*Your goal*.
Copy exactly the lines from the one containing "this 1800×1350 image." through the last line of the records below, including both, and leave out any pictures.
[Working data Boundary: Start]
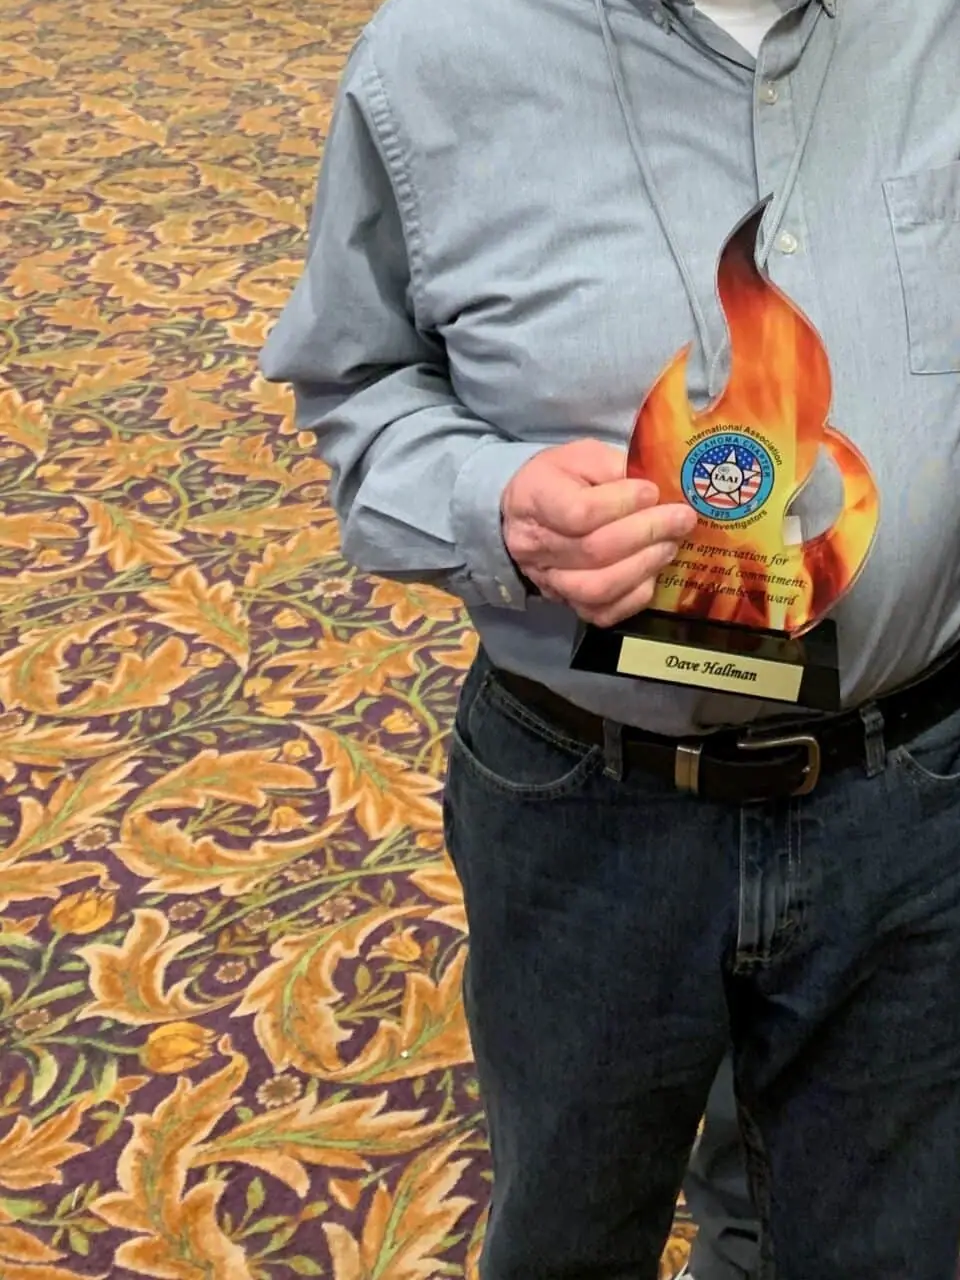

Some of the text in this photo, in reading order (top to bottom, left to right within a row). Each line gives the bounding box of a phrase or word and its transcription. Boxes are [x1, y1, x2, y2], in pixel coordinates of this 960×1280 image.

[686, 423, 783, 466] International Association
[689, 435, 740, 464] OKLAHOMA
[714, 473, 739, 484] IAAI
[710, 509, 768, 530] Investigators
[679, 539, 790, 568] In appreciation for
[656, 573, 706, 589] Lifetime
[710, 565, 734, 576] and
[665, 654, 758, 682] Dave Hallman
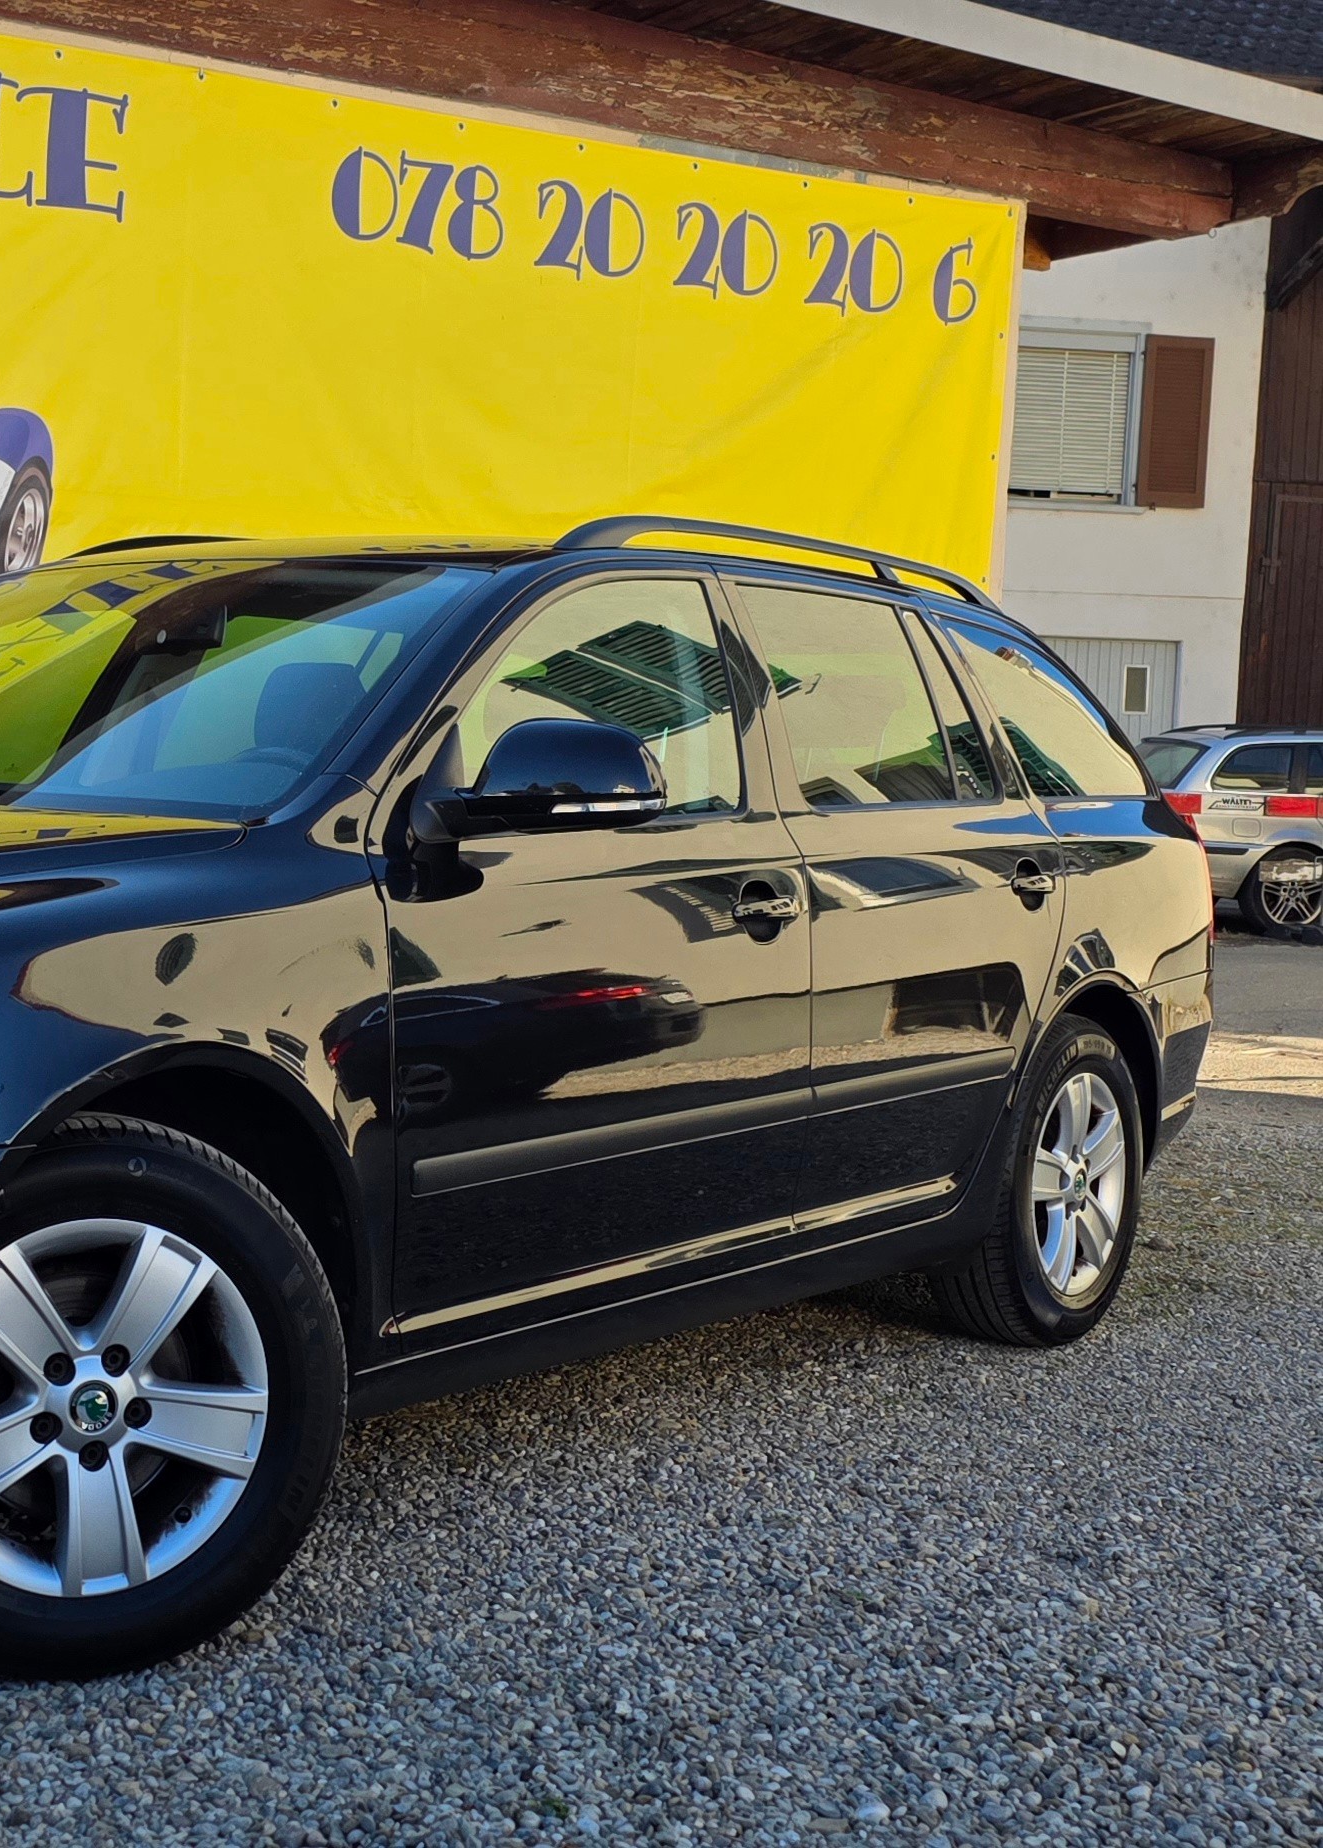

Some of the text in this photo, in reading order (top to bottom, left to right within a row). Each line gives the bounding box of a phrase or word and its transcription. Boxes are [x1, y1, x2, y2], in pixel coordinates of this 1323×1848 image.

[331, 146, 977, 326] 078 20 20 20 6
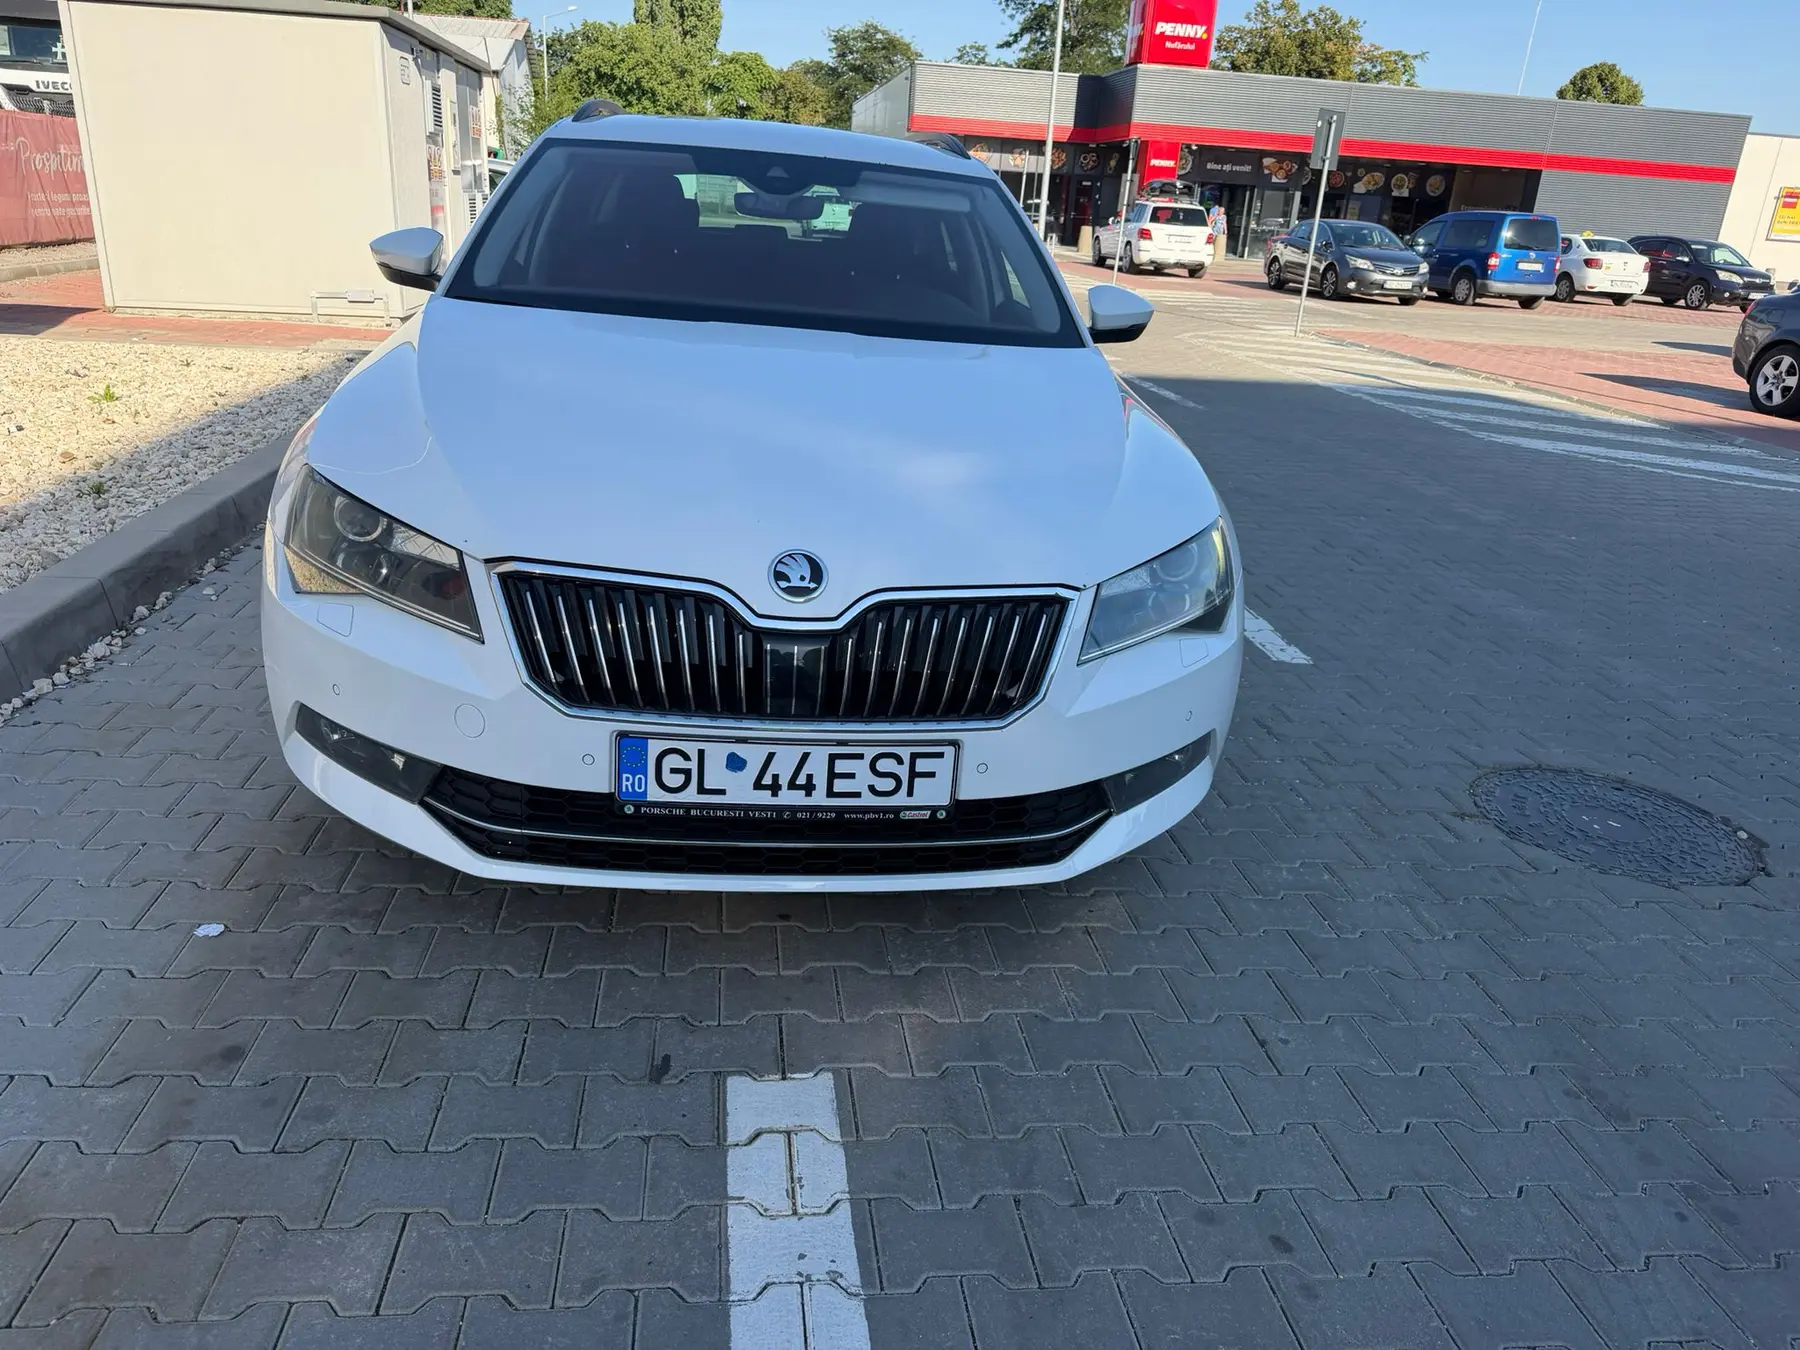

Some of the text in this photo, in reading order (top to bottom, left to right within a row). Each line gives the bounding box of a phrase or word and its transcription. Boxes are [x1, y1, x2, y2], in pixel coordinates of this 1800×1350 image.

[35, 80, 73, 91] IVEC
[1206, 161, 1222, 170] Bine
[622, 773, 646, 794] RO
[654, 747, 728, 796] GL
[640, 806, 686, 816] PORSCHE
[690, 808, 744, 817] BUCURESTI
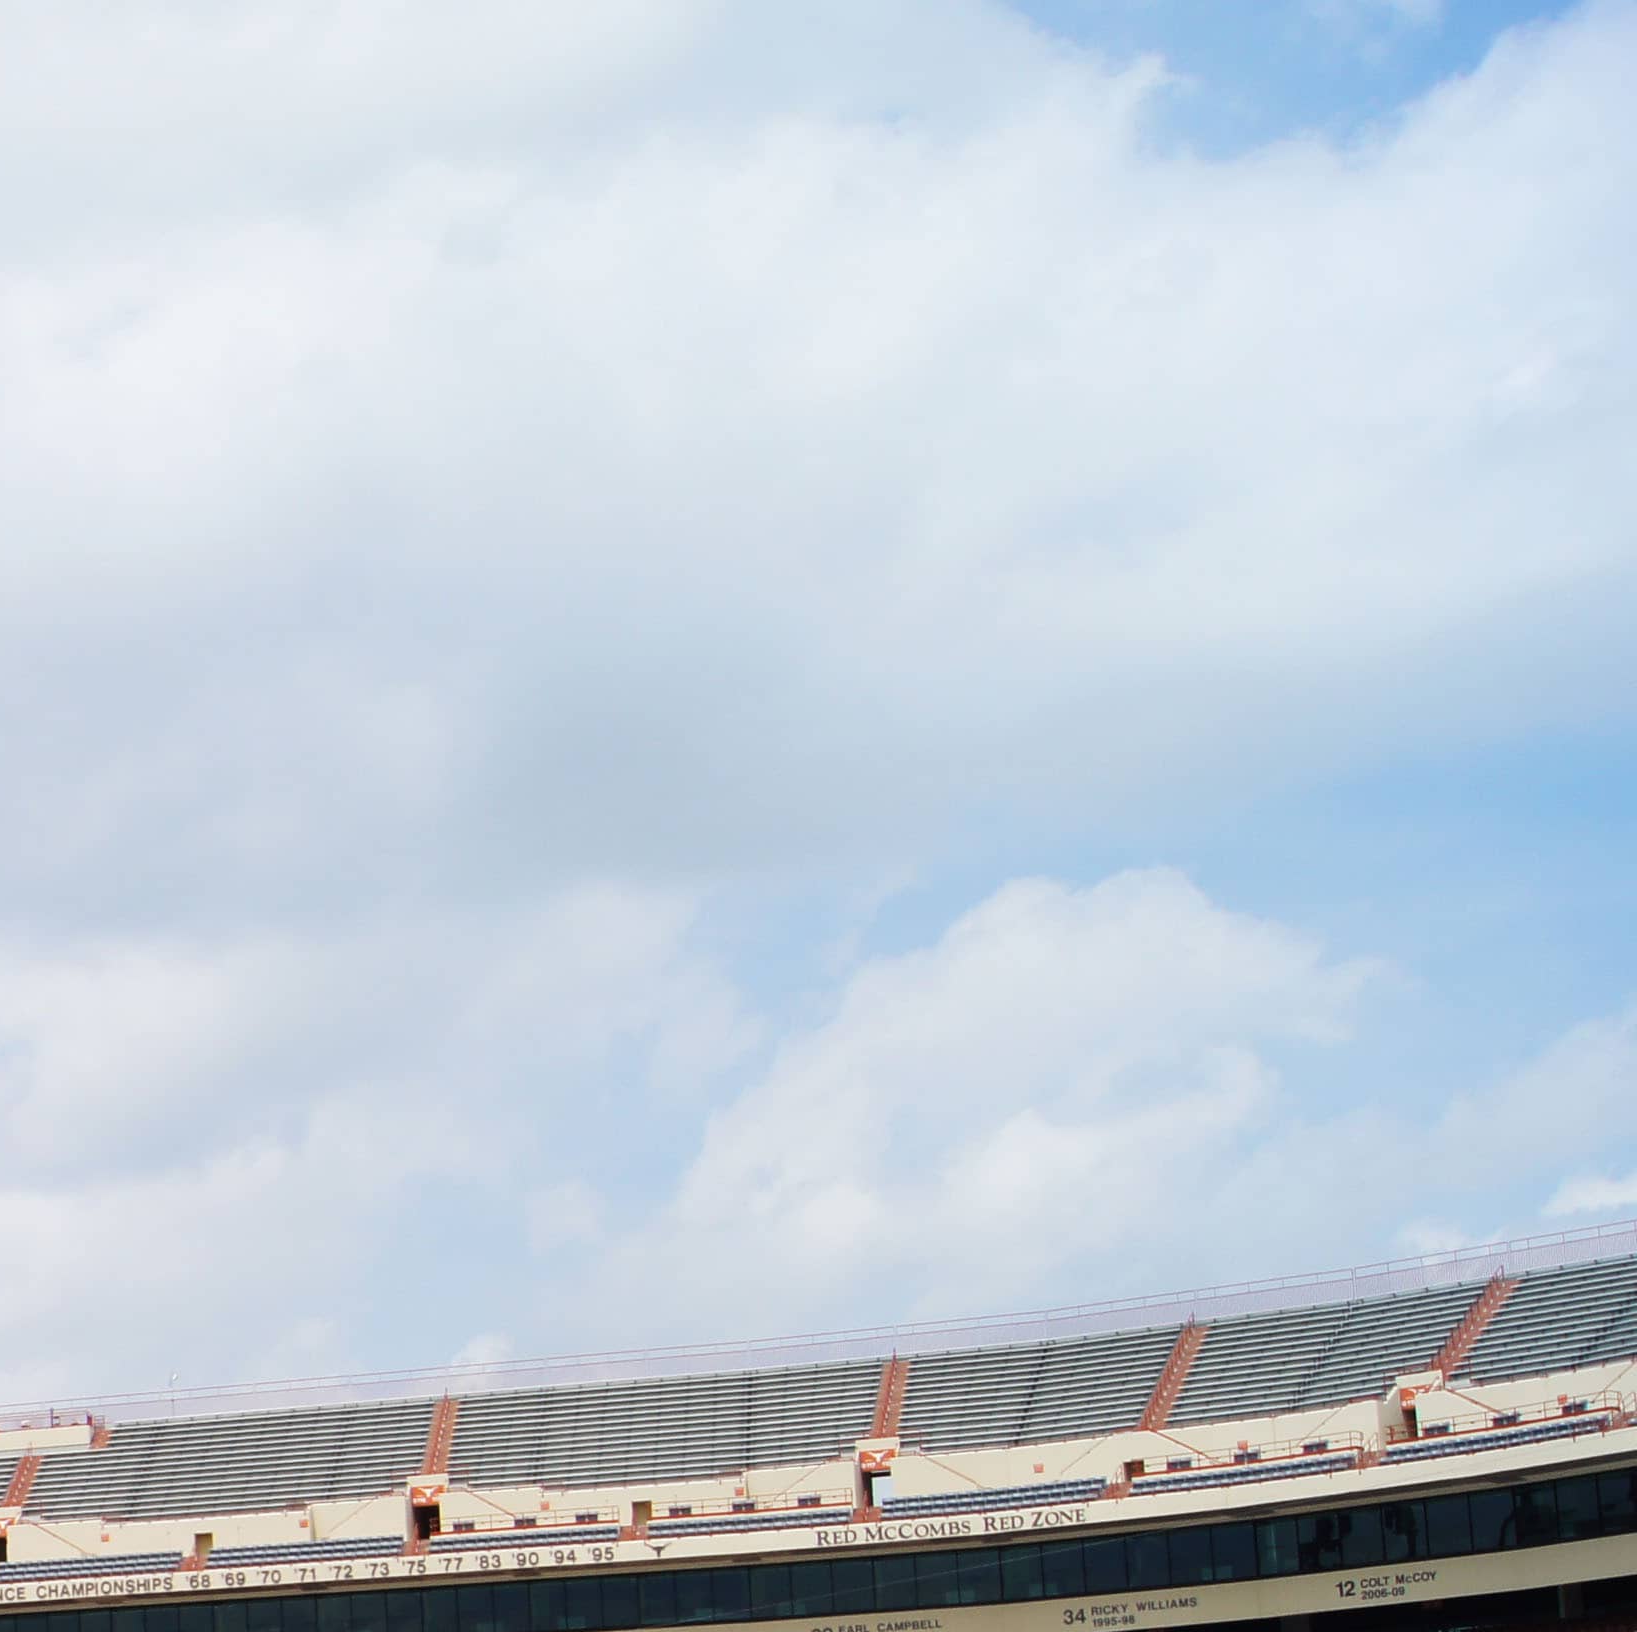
[Working data Boundary: End]
*Answer to this task*.
Some of the text in this photo, in reading order (top to bottom, left to right within a row). Each line gives the bounding box of a phrase or word and its transcription. Boxes are [x1, y1, x2, y2], in pixel coordinates of this 1800×1350 image.

[35, 80, 73, 91] IVEC
[1206, 161, 1222, 170] Bine
[622, 773, 646, 794] RO
[654, 747, 728, 796] GL
[640, 806, 686, 816] PORSCHE
[690, 808, 744, 817] BUCURESTI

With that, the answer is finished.